Comment by BenoitEssiambre
3 years ago
I'm glad this is becoming conventional wisdom. I used to argue this in these pages a few years ago and would get downvoted below the posts telling people to split everything into microservices separated by queues (although I suppose it's making me lose my competitive advantage when everyone else is building lean and mean infrastructure too).
In my mind, reasons involve keeping transactional integrity, ACID compliance, better error propagation, avoiding the hundreds of impossible to solve roadblocks of distributed systems (https://groups.csail.mit.edu/tds/papers/Lynch/MIT-LCS-TM-394...).
But also it is about pushing the limits of what is physically possible in computing. As Admiral Grace Hopper would point out (https://www.youtube.com/watch?v=9eyFDBPk4Yw ) doing distance over network wires involves hard latency constraints, not to mention dealing with congestions over these wires.

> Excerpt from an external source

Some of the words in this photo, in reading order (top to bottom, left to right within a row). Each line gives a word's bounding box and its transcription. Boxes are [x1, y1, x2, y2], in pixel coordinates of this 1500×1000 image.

Physical efficiency is about keeping data close to where it's processed. Monoliths can make much better use of L1, L2, L3, and ram caches than distributed systems for speedups often in the order of 100X to 1000X.
Sure it's easier to throw more hardware at the problem with distributed systems but the downsides are significant so be sure you really need it.

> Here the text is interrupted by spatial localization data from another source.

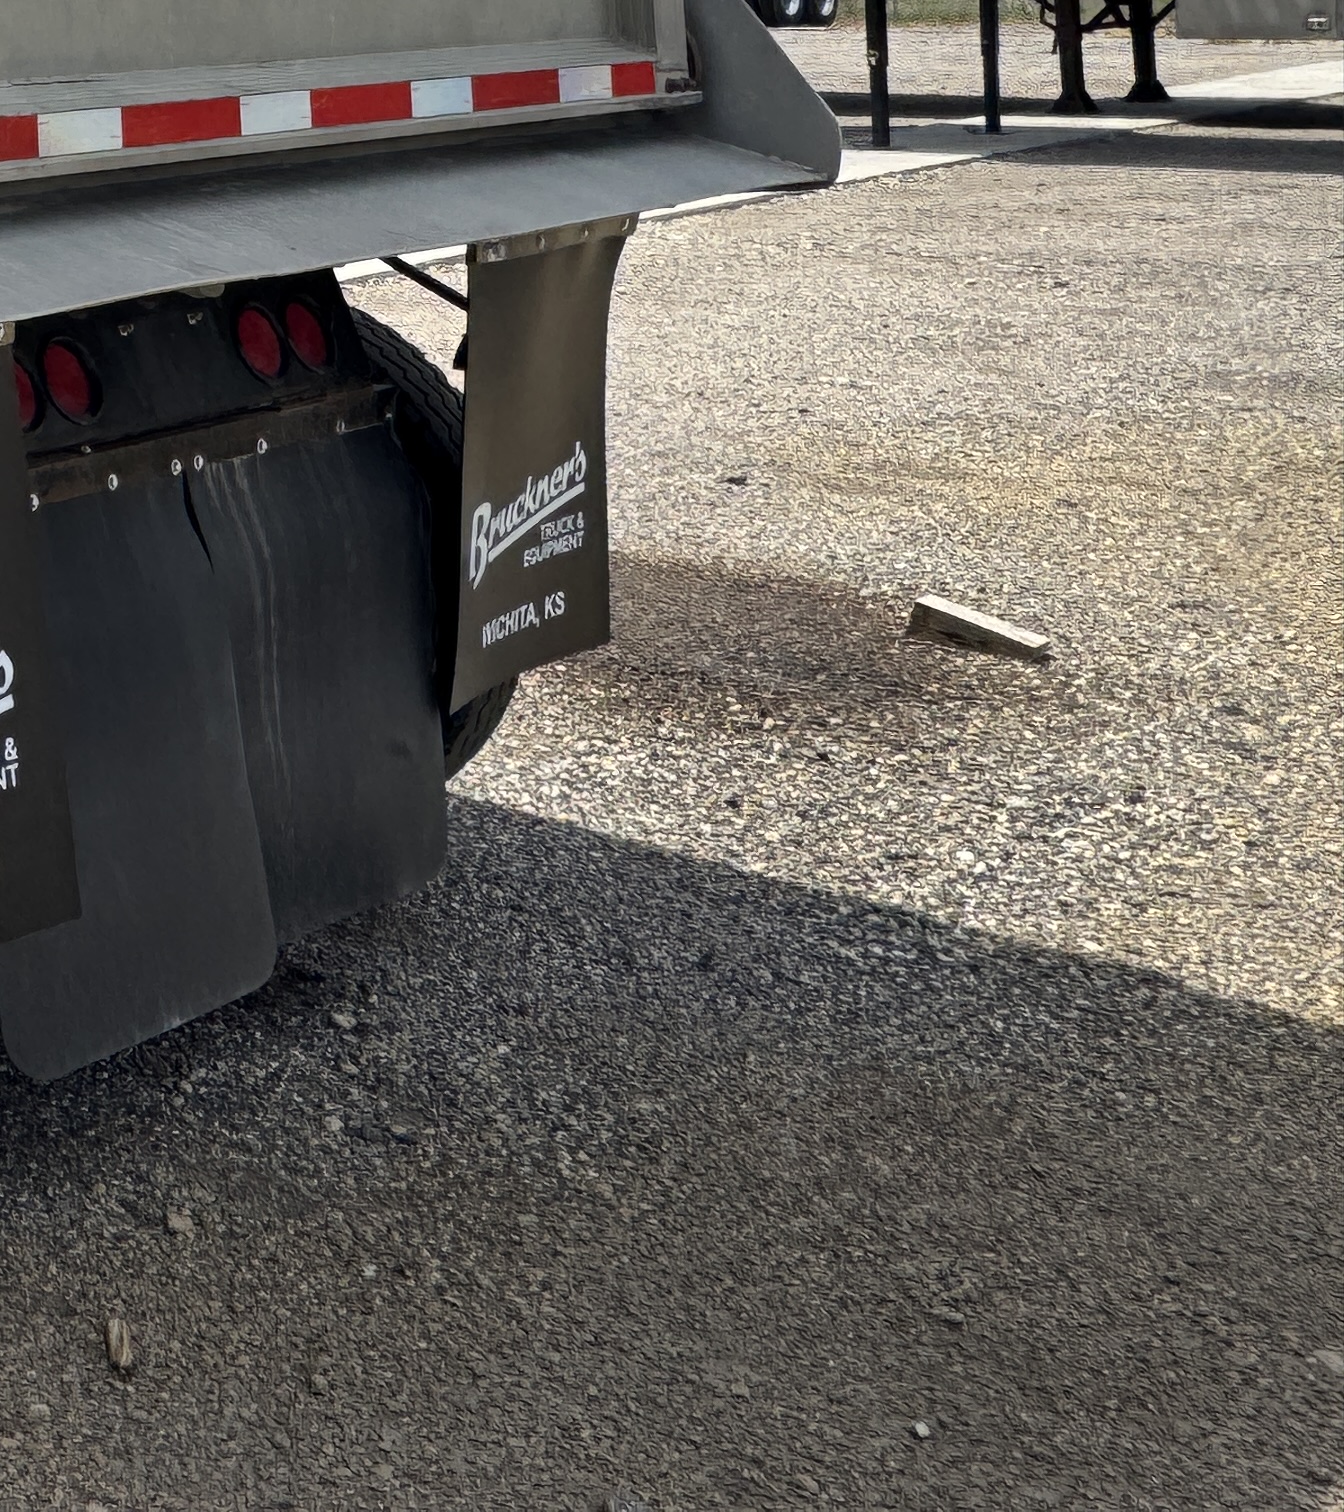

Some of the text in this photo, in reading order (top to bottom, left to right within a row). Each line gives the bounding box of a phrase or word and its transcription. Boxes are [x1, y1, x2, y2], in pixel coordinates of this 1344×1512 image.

[468, 441, 587, 590] Bruckner's
[540, 511, 584, 542] TRUCK &
[523, 530, 584, 567] EQUIPMENT
[482, 591, 566, 649] WICHITA, KS
[5, 737, 19, 761] &

Now there is a corollary to using monoliths. Since you only have one db, that db should be treated as somewhat sacred, you want to avoid wasting resources inside it. This means being a bit more careful about how you are storing things, using the smallest data structures, normalizing when you can etc. This is not to save disk, disk is cheap. This is to make efficient use of L1,L2,L3 and ram.
I've seen boolean true or false values saved as large JSON documents. {"usersetting1": true, "usersetting2":fasle "setting1name":"name" etc.} with 10 bits of data ending up as a 1k JSON document. Avoid this! Storing documents means, the keys, the full table schema is in every row. It has its uses but if you can predefine your schema and use the smallest types needed, you are gaining much performance mostly through much higher cache efficiency!

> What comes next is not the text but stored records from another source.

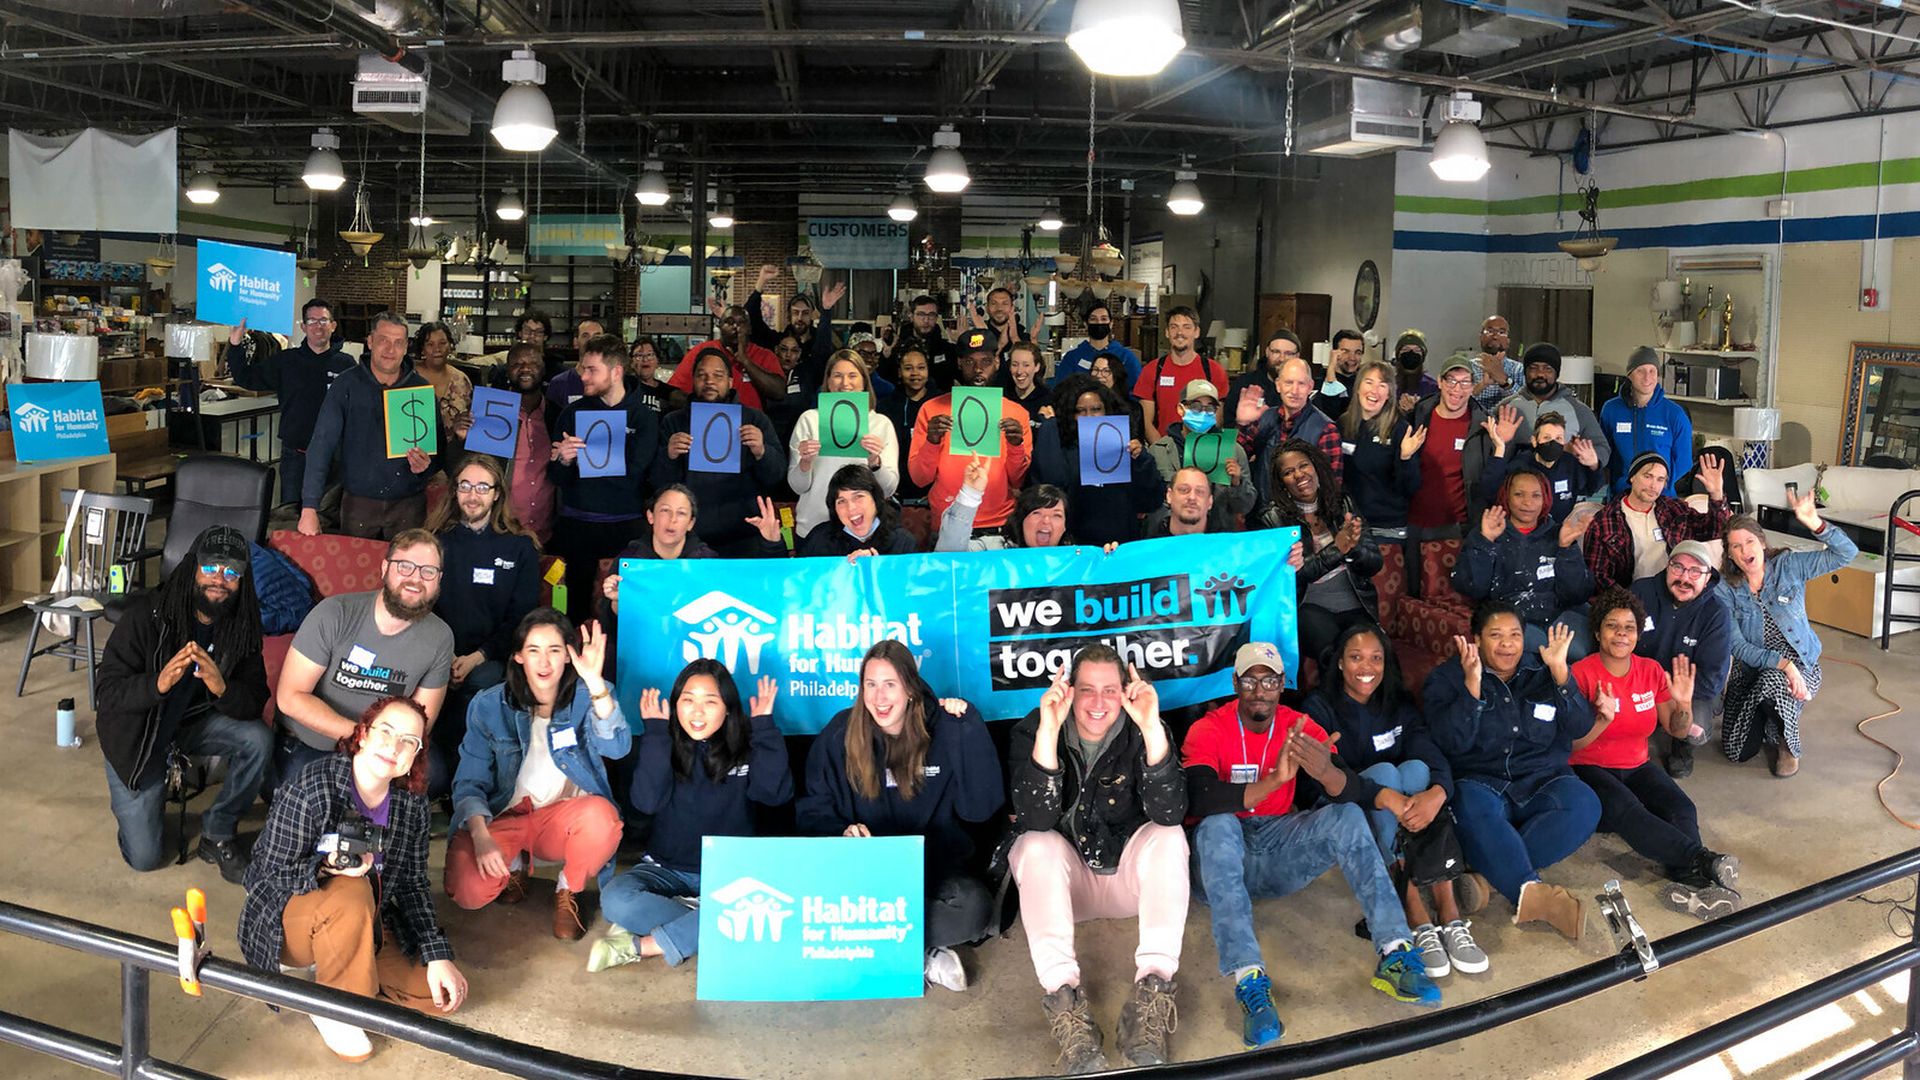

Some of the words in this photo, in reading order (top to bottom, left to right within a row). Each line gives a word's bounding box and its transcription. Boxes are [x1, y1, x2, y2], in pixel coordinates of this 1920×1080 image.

[808, 222, 908, 237] CUSTOMERS
[239, 274, 281, 293] Habitat
[52, 409, 98, 423] Habitat
[402, 393, 428, 444] $
[484, 402, 514, 441] 5
[830, 399, 861, 449] 0
[958, 395, 989, 447] 0
[702, 412, 733, 464] 0
[1094, 422, 1124, 474] 0
[997, 599, 1062, 628] we
[1075, 580, 1179, 625] build
[788, 613, 923, 650] Habitat
[341, 661, 359, 674] we
[789, 653, 818, 673] for
[1000, 635, 1198, 681] togher.
[336, 672, 388, 692] together.
[790, 680, 859, 700] Philadelp
[802, 896, 907, 923] Habitat
[802, 926, 826, 941] for
[830, 925, 907, 943] Humanity

> I'm glad this is becoming conventional wisdom
It's not though. You're just seeing the most popular opinion on HN.
In reality it is nuanced like most real-world tech decisions are. Some use cases necessitate a distributed or sharded database, some work better with a single server and some are simply going to outsource the problem to some vendor.
> outsource the problem to some vendor
At least that way you can be certain of failure.
Exactly. The HN crowd is obsessed with minimalism and reducing "bloat".
It has become a cult, where availability and scale requirements are apparently fiction. "You are not FAANG, you don't have these requirements."
> I'm glad this is becoming conventional wisdom
My hunch is that computers caught up. Back in the early 2000's horizontal scaling was the only way. You simply couldn't handle even reasonably mediocre loads on a single machine.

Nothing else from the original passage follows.